Work task → Repeat the records below exactly. Omit the pictures.
======== Exercise input ========
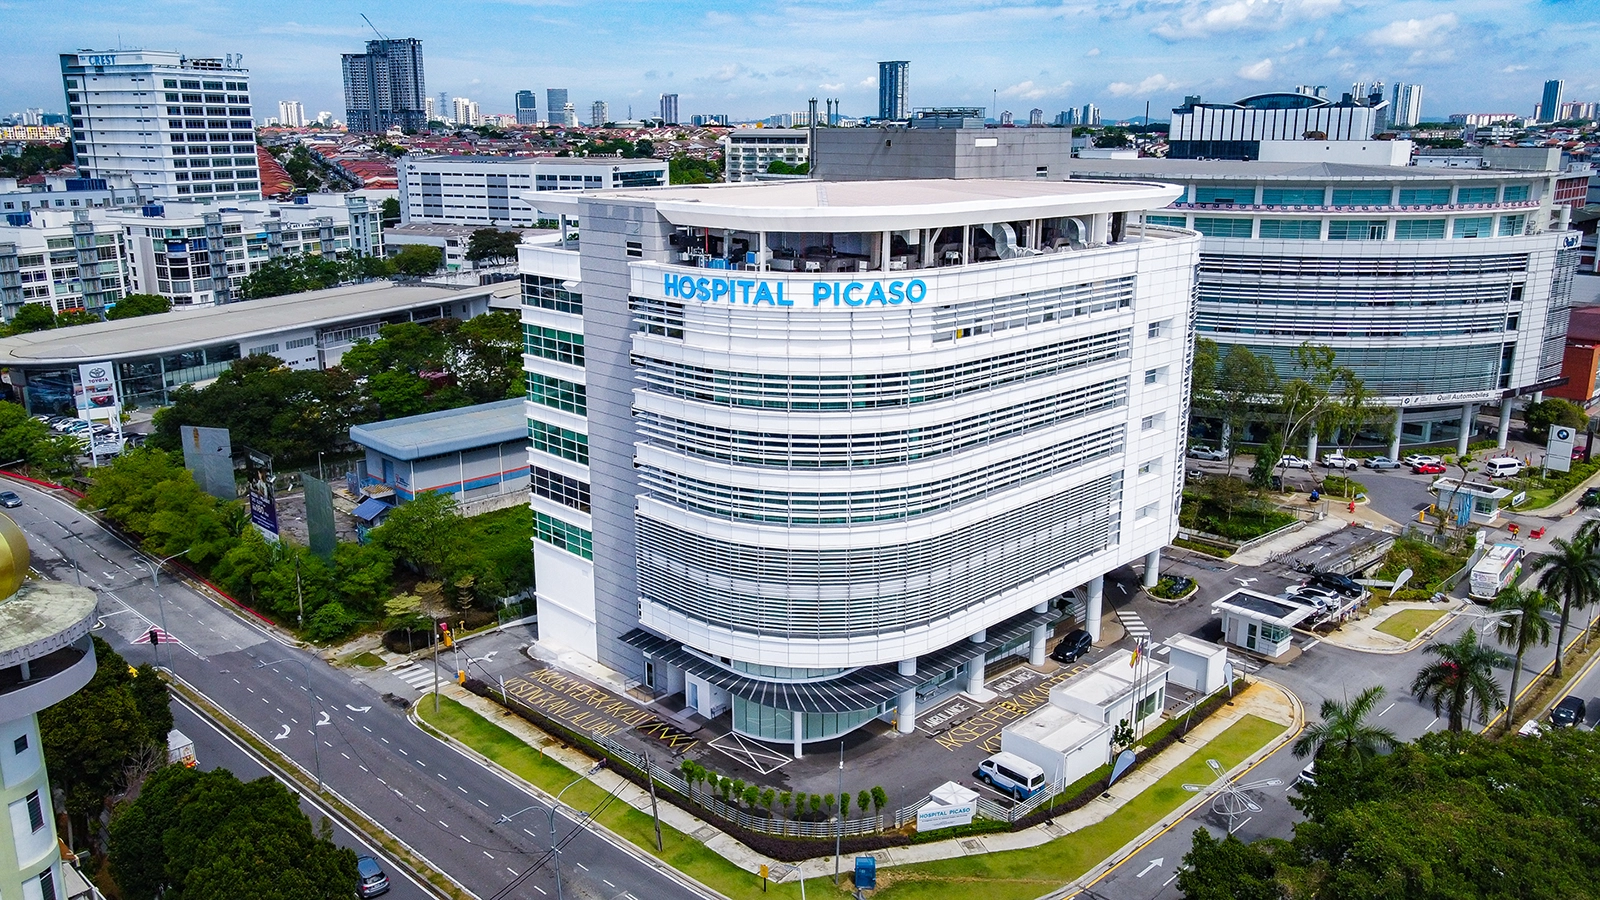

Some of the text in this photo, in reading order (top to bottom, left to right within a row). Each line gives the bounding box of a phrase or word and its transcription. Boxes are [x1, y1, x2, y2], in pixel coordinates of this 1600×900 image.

[89, 55, 116, 66] CREST
[664, 273, 927, 307] HOSPITAL PICASO
[1452, 392, 1490, 400] Automobiles
[935, 717, 998, 752] AKSES
[920, 811, 947, 819] HOSPITAL
[949, 807, 971, 815] PICASO
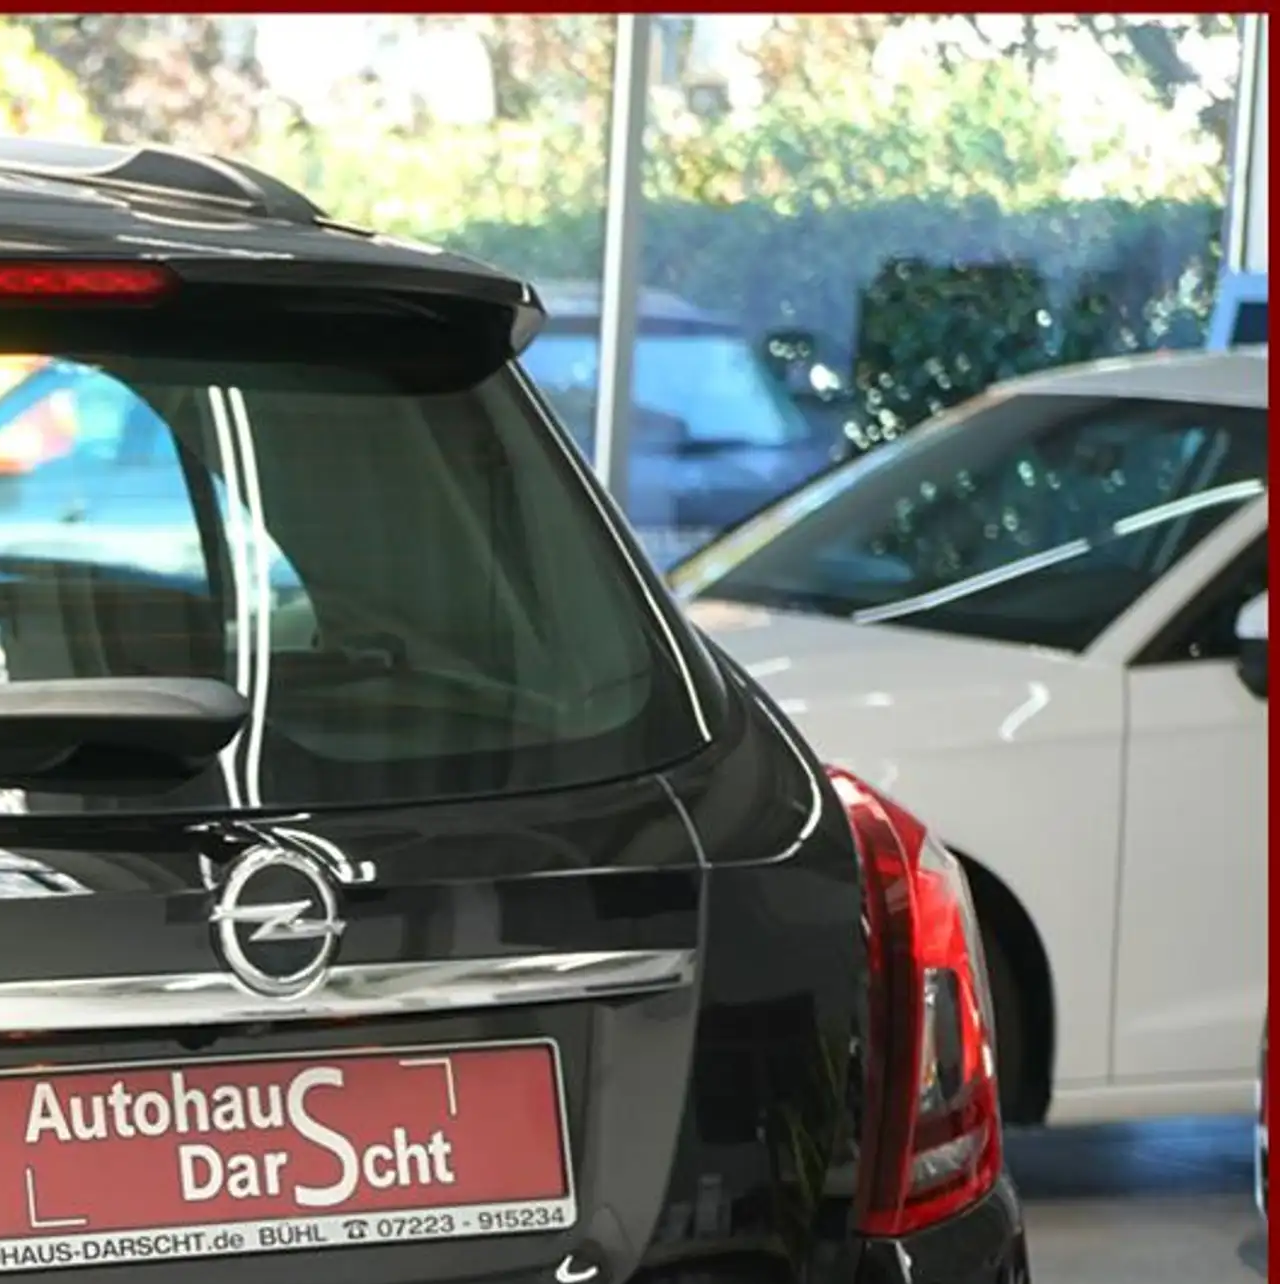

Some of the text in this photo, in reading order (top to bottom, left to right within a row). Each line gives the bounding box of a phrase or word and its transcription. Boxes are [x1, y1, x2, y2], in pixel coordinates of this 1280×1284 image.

[258, 1222, 327, 1246] BÜHL
[377, 1213, 455, 1237] 07223
[477, 1206, 565, 1230] 915234
========
Answer for this exercise →
Some of the text in this photo, in reading order (top to bottom, left to right within a row). Each line gives the bounding box of a phrase or word and its transcription. Boxes are [x1, y1, x2, y2], in pixel coordinates of this 1600×900 image.

[89, 55, 116, 66] CREST
[664, 273, 927, 307] HOSPITAL PICASO
[1452, 392, 1490, 400] Automobiles
[935, 717, 998, 752] AKSES
[920, 811, 947, 819] HOSPITAL
[949, 807, 971, 815] PICASO

Some of the text in this photo, in reading order (top to bottom, left to right within a row). Each line gives the bounding box of a phrase or word and its transcription. Boxes are [x1, y1, x2, y2], in pixel coordinates of this 1280×1284 image.

[258, 1222, 327, 1246] BÜHL
[377, 1213, 455, 1237] 07223
[477, 1206, 565, 1230] 915234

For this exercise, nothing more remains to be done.